Joe Rau (born 17 March 1991) is an American wrestler who specializes in Greco-Roman wrestling.

High School Career
Rau wrestled for St. Patrick High School (Chicago), but never placed in the state tournament. He was an Illinois state qualifier, two-time conference champion and freestyle state champion.

College career
At Elmhurst College Rau was coached by past NCAA champion Steve Marianetti and won the 184 pound title at the 2013 NCAA Division III Wrestling Championships. He is a three-time NCAA DIII All-American and 2014 University Nationals Champion.
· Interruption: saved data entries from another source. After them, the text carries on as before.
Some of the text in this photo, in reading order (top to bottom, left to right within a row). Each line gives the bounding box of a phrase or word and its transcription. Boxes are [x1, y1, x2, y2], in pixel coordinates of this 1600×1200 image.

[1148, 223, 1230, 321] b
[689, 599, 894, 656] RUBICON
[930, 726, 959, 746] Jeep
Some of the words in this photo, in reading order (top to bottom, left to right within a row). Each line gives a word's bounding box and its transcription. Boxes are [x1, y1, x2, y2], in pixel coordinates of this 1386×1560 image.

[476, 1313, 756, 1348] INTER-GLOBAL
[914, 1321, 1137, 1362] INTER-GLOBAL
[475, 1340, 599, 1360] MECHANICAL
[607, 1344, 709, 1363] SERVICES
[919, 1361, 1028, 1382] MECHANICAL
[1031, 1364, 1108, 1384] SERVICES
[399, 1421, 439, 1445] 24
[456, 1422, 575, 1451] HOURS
Rau was named Conference Wrestler of the Year, Elmhurst College Athlete of the Year and became two-time place winner at Midlands Championships.

Senior career
Joe Rau is a two-time Senior World Team Member (2014, 2019), and two-time U.S. Open champion (2016, 2019).

In 2021, he placed fifth in several international tournaments in Europe: Grand Prix of Zagreb Open in Croatia, the Olympic Preparation Tournament in Hungary and the ranking tournament Matteo Pellicone in Italy.
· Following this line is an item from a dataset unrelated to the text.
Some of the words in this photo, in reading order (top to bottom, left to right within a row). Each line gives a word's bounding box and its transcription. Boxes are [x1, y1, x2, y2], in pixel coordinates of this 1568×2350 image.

In 2020, Rau won gold at the Pan-American Championships and the Pan-American Olympic Qualifier. In doing so, effectively secured the Olympic spot for Team USA at 87 kg for the 2020 Olympics in Tokyo, Japan.
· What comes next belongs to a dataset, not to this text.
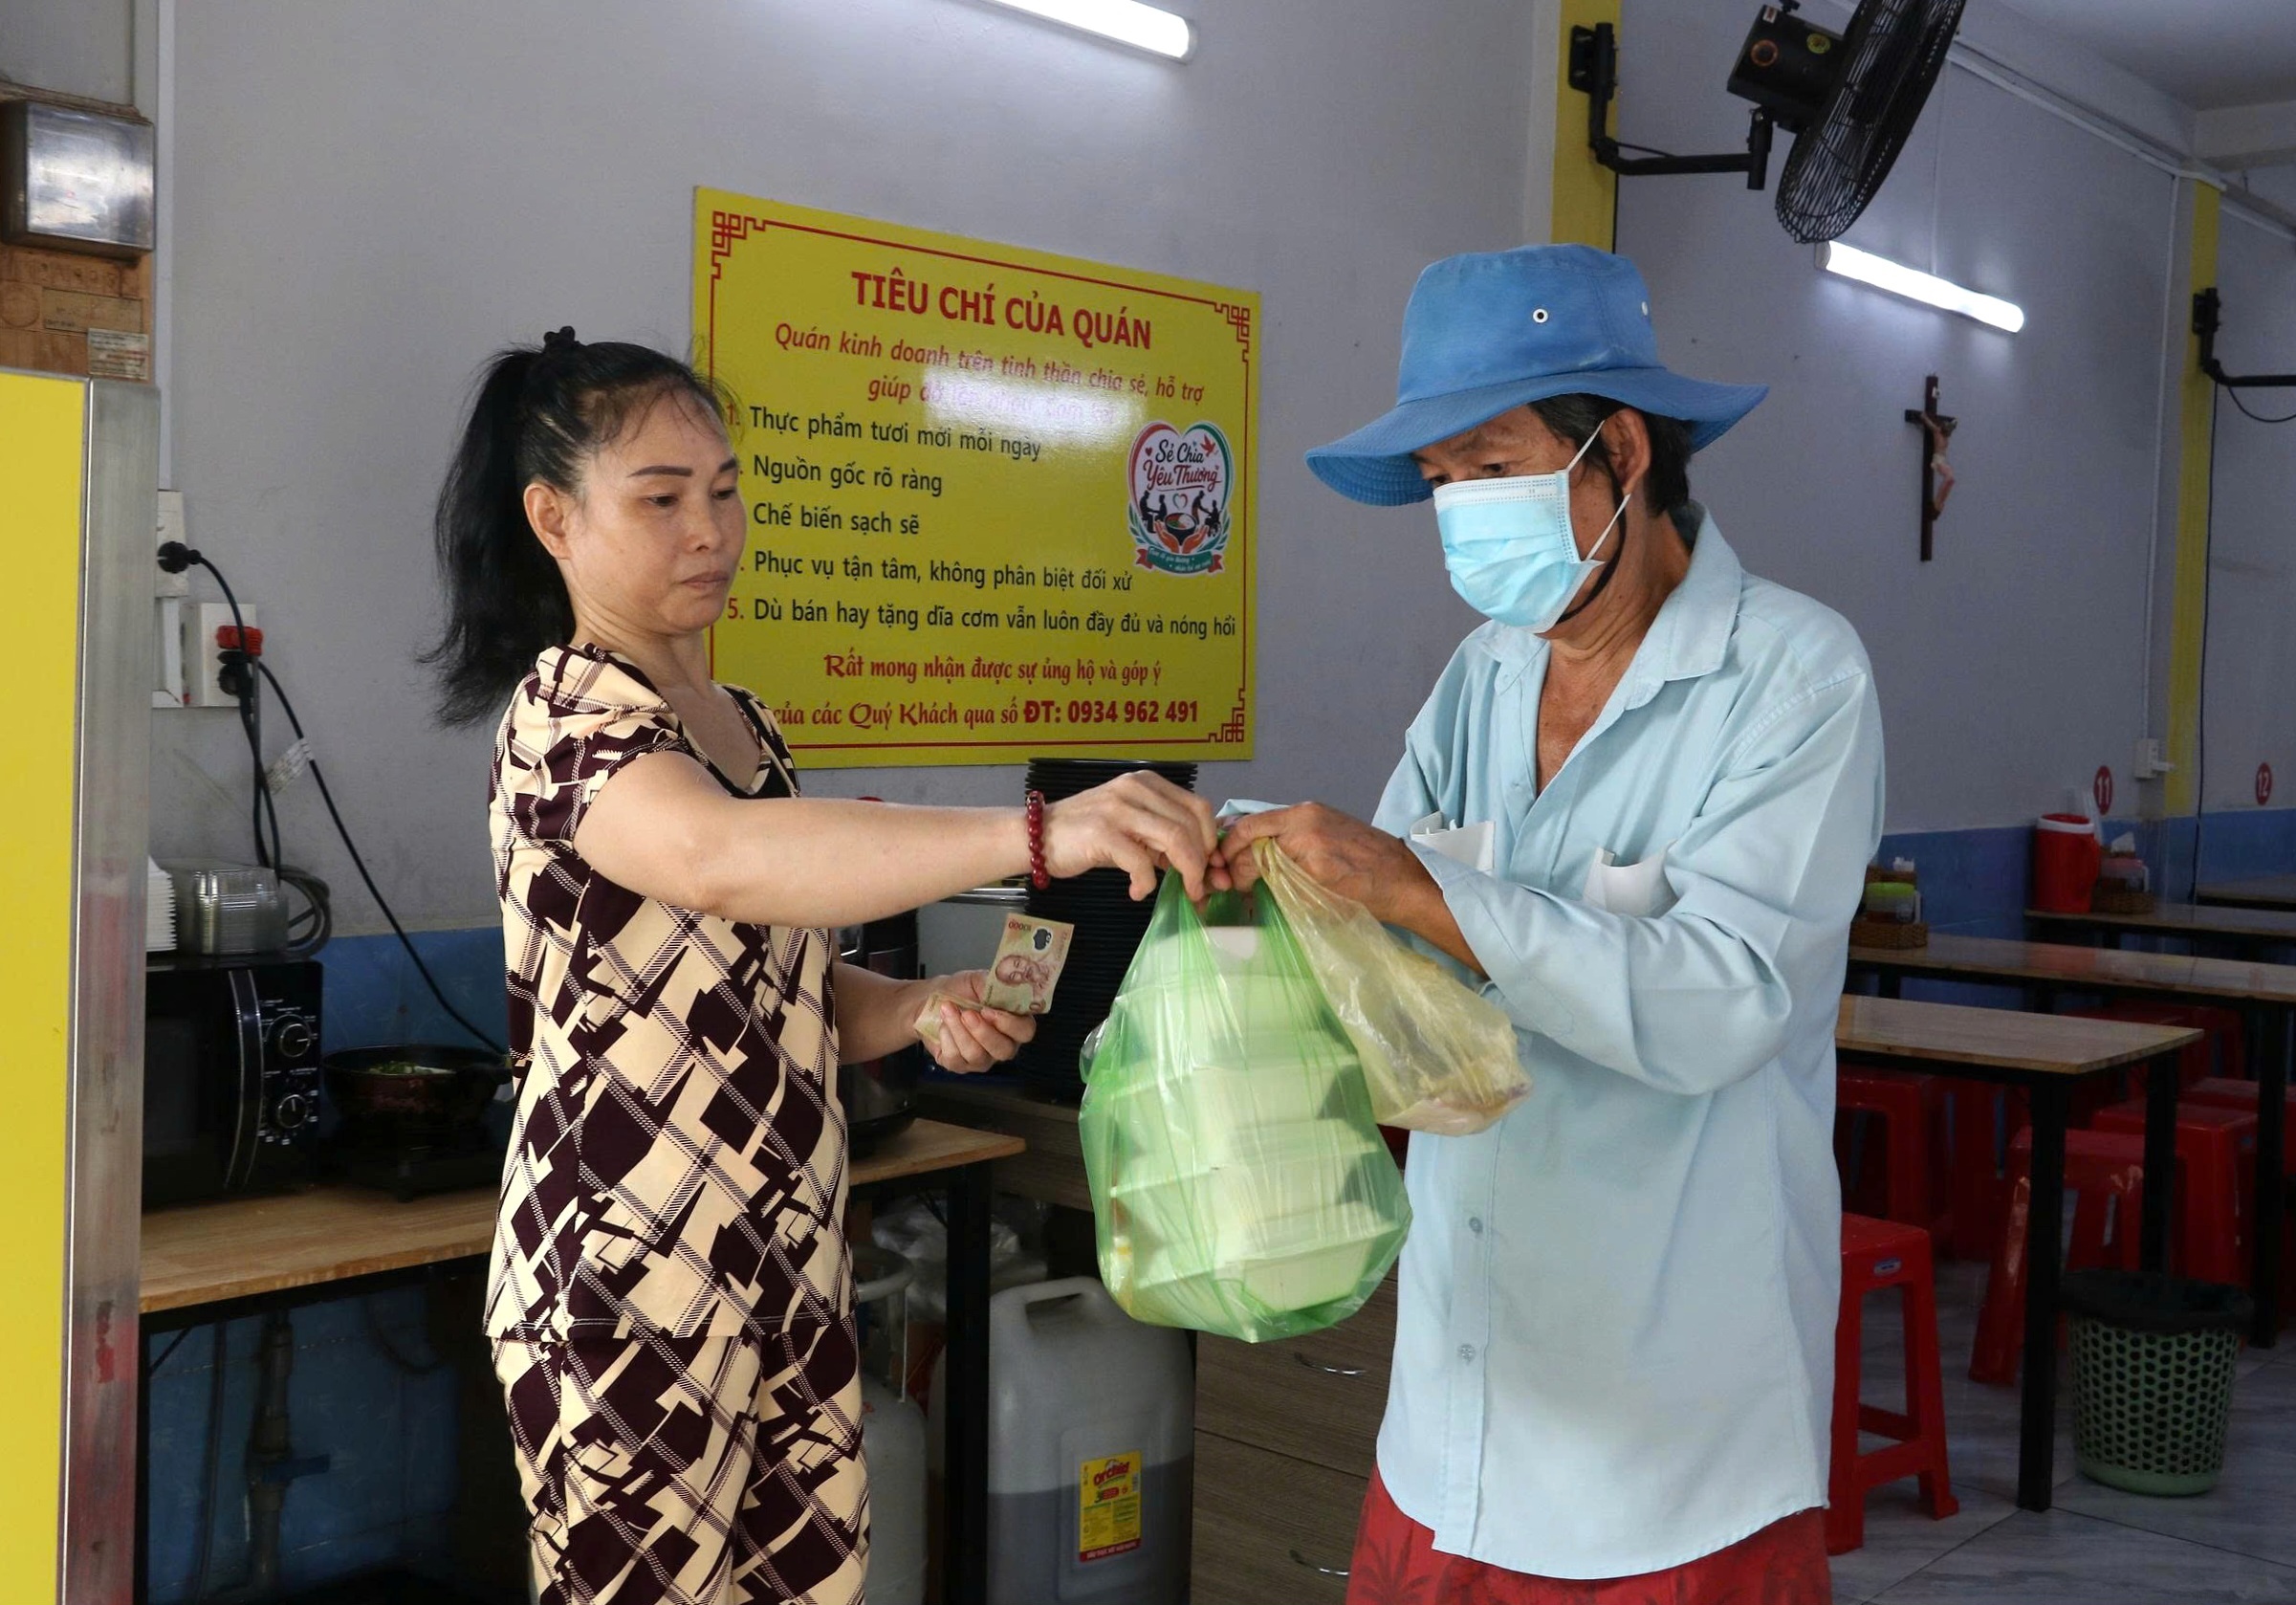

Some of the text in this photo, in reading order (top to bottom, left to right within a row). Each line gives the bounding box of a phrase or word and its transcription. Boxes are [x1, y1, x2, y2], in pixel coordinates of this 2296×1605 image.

In 2019, he became Final X champion after scoring on Ben Provisor in the last seconds of the last finals match. Rau won the U.S. Open and came third at the Dave Schultz Memorial International. He placed fourth at the same tournament in Freestyle.

In 2018, Rau earned gold at the Lavrikov Championships in Russia and the Bill Farrell Memorial International in Freestyle. In Greco-Roman he took third at the Bill Farrell Memorial International. He placed second in the Haparanda Cup in Sweden and the U.S. Open. He came in fourth at the World Team Trials Challenge Tournament in Freestyle.

In 2017, after failing to qualify for the World Team in Greco-Roman, he earned a spot in the freestyle trials by way of a last chance qualifier. Rau became runner-up in the U.S. World Team Trials and U.S. Open.

In 2016, he won Olympic Team Trials, U.S. Open. He took silver at the Grand Prix of Zagreb Open and bronze at Pan-American Games Qualifier. He took ninth at the Second World Olympic Games Qualifier.

In 2015, Rau won the Pan-American Championships as well as a host of other domestic and international tournaments: Senior Nationals & Trials Qualifier, Bill Farrell International Tournament and the Grand Prix Zagreb Open. Additionally he took second at the Dave Schultz Memorial International, third at the Grand Prix of Spain and the Hungarian Grand Prix. He came in fourth in the U.S. Open.

In 2014, Rau became Phase II World Team Trials champion. He competed at the 2014 World Wrestling Championships at 80 kg.  He lost in the first round to Jonas Bossert of Switzerland by fall. He won gold at the University Nationals Championships and Northern Plains Regional Championships.

In 2013, he became the runner-up at the New York AC International Tournament and took fourth place in the U.S. Open.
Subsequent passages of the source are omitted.